=== Section Start ===
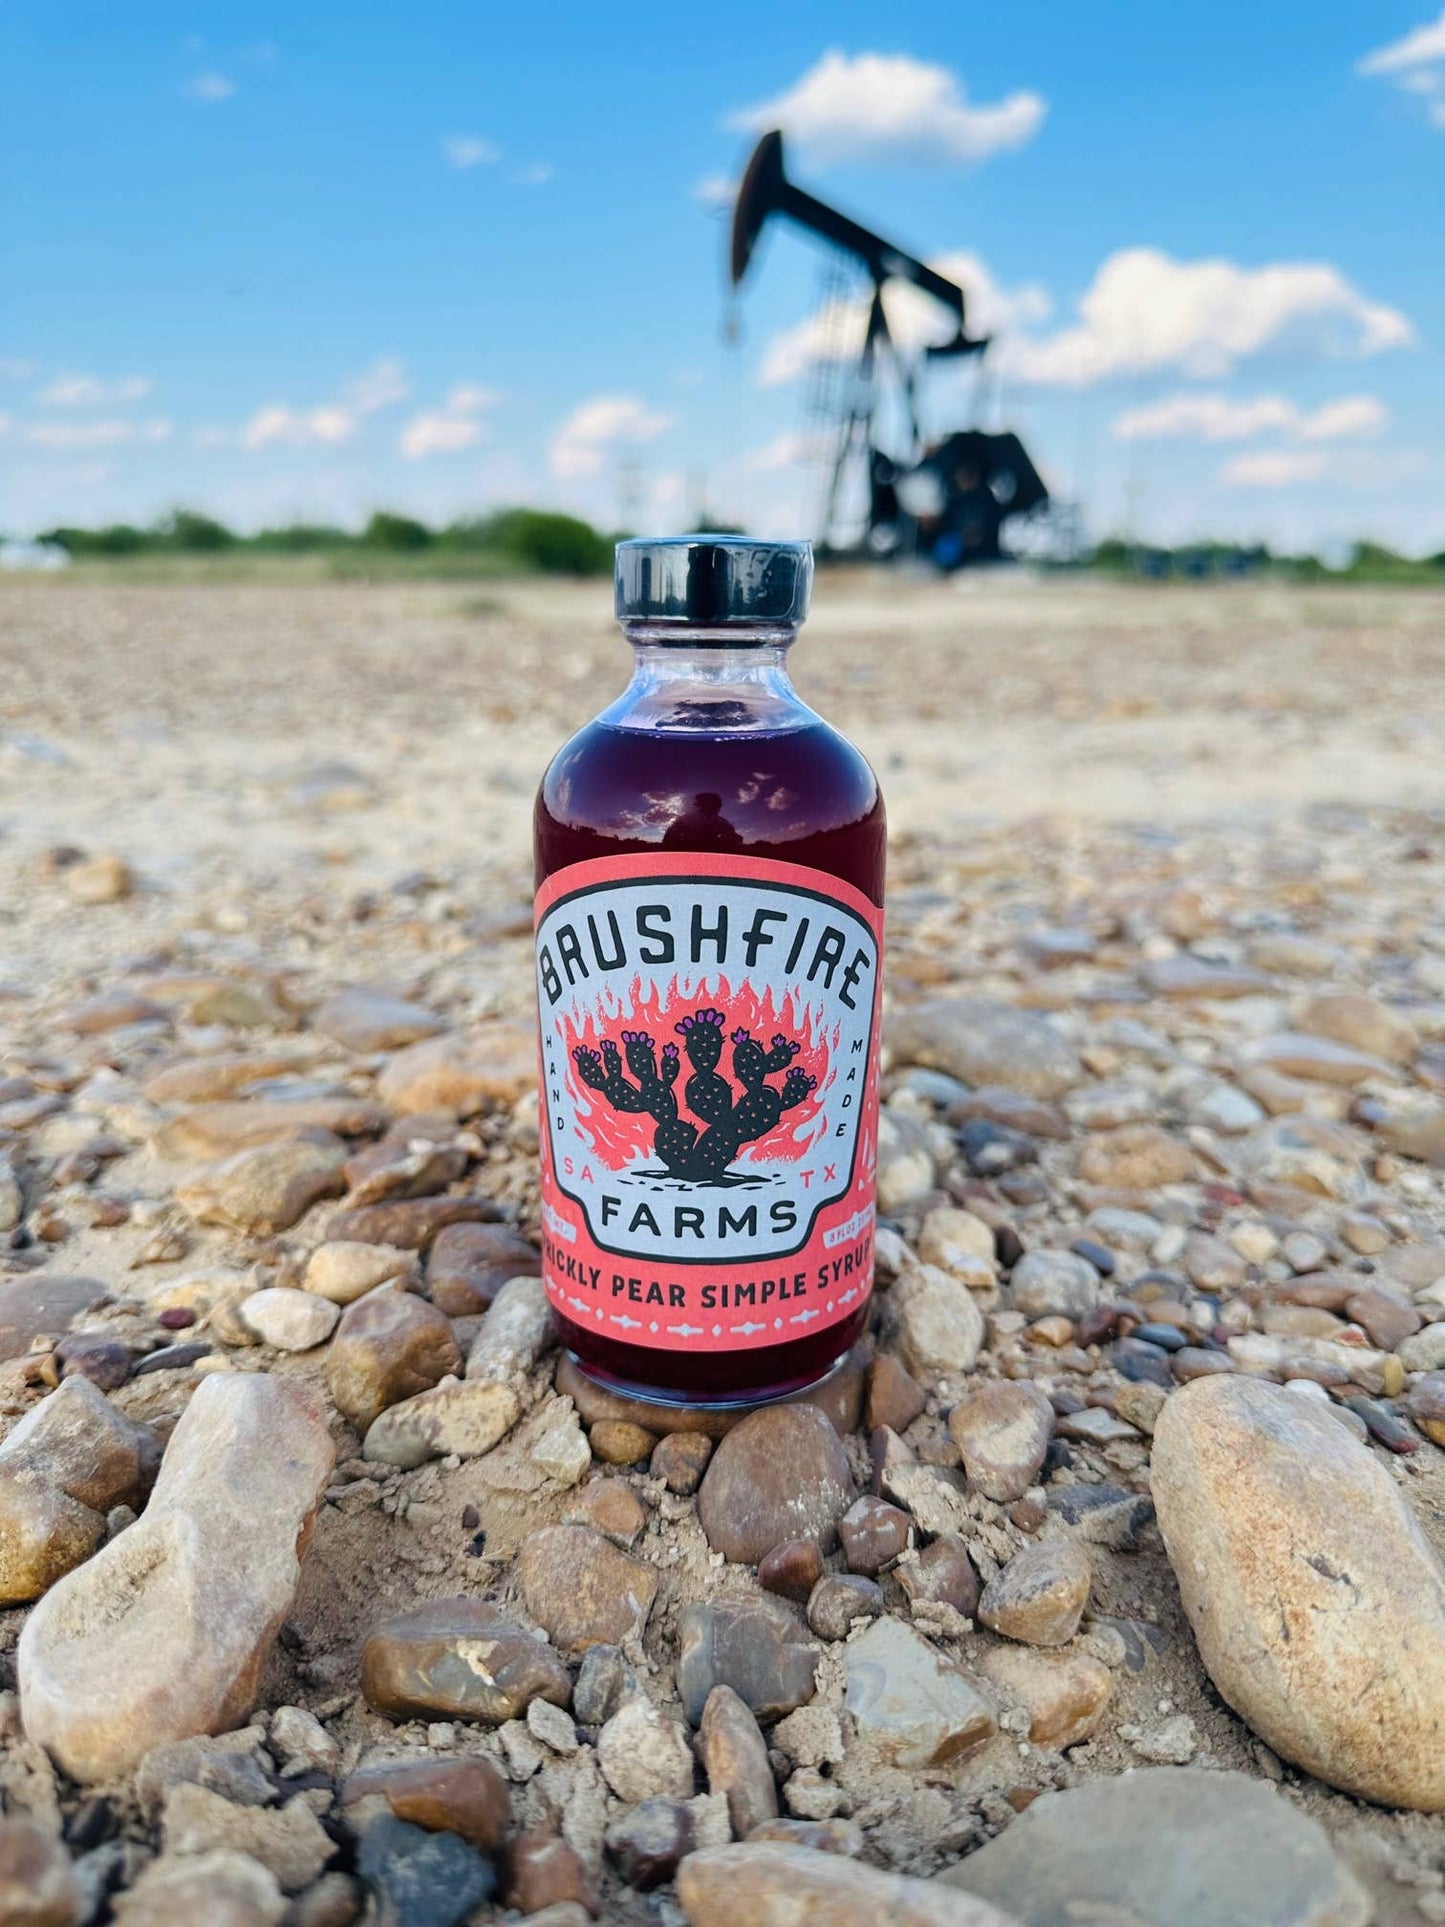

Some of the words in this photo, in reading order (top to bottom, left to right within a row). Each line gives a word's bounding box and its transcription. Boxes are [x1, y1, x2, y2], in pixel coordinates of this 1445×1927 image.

[539, 904, 871, 1010] BRUSHFIRE
[546, 1035, 565, 1130] HAND
[835, 1039, 863, 1137] MADE
[563, 1156, 594, 1183] SA
[800, 1163, 836, 1189] TX
[601, 1195, 798, 1239] FARMS
[544, 1233, 601, 1290] RICKLY
[611, 1274, 686, 1308] PEAR
[701, 1272, 807, 1309] SIMPLE
[817, 1238, 870, 1289] SYRUP
=== Section End ===
• **Task to carry out**
What is needed is a verbatim copy of the material, minus its pictures.

• **Solution below**
Some of the words in this photo, in reading order (top to bottom, left to right within a row). Each line gives a word's bounding box and its transcription. Boxes are [x1, y1, x2, y2], in pixel coordinates of this 1445×1927 image.

[539, 904, 871, 1010] BRUSHFIRE
[546, 1035, 565, 1130] HAND
[835, 1039, 863, 1137] MADE
[563, 1156, 594, 1183] SA
[800, 1163, 836, 1189] TX
[601, 1195, 798, 1239] FARMS
[544, 1233, 601, 1290] RICKLY
[611, 1274, 686, 1308] PEAR
[701, 1272, 807, 1309] SIMPLE
[817, 1238, 870, 1289] SYRUP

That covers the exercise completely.